Chacun de nous a déjà réfléchi, un jour, à ce qui serait la ville de ses rêves – et donc, par ricochet, celle de ses cauchemars. Certains sont même allés jusqu’à lui donner forme et contenu, à la faire vivre sur une feuille de papier ou sur une pellicule, sur une planche à dessiner ou un écran d’ordinateur. Ce qui fascine dans le récit d’Italo Calvino, c’est la suggestion qu’il y a toujours dans les maisons, les quartiers et les villes qu’on habite, tout comme dans les livres qu’on lit ou les films qu’on regarde au cinéma, un transfert d’émotions, de frustrations, de projections.

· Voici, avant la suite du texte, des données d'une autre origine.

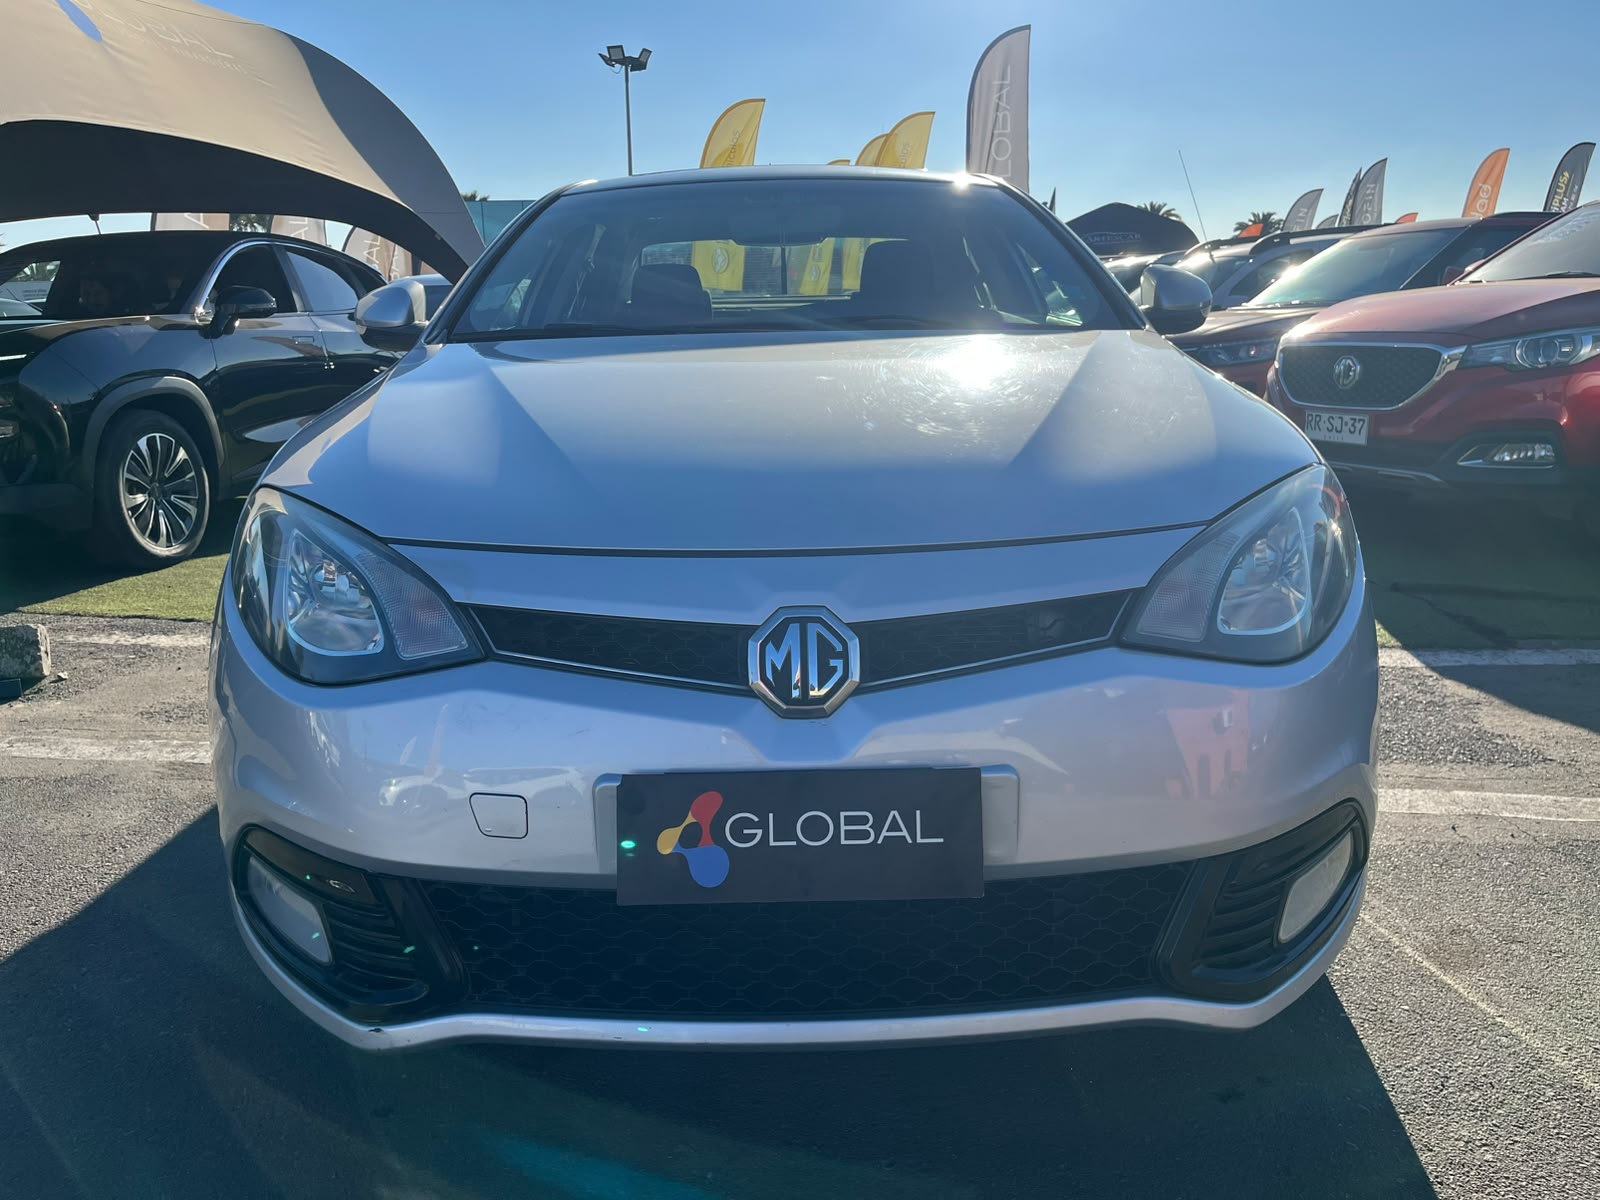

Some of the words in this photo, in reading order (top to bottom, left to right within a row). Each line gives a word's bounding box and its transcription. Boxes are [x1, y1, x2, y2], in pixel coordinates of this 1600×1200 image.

Quelqu’un s’est mis à rêver à notre place. Quelqu’un – c’est-à-dire un artiste visionnaire, un architecte, un urbaniste, ou alors un homme de pouvoir, qu’il soit ministre du logement ou doge de Venise, empereur ou dictateur – s’est emparé de nos désirs et de nos angoisses et les a matérialisés, faisant surgir de nulle part une cité plus ou moins radieuse qui, pour mieux incarner nos fantasmes, peut porter un nom de femme comme les villes de Calvino – elle peut s’appeler Anastasia, ou Dorotea ou Octavia, mais aussi Brasilia, ou Sabaudia, ou Aprilia ou Pomezia.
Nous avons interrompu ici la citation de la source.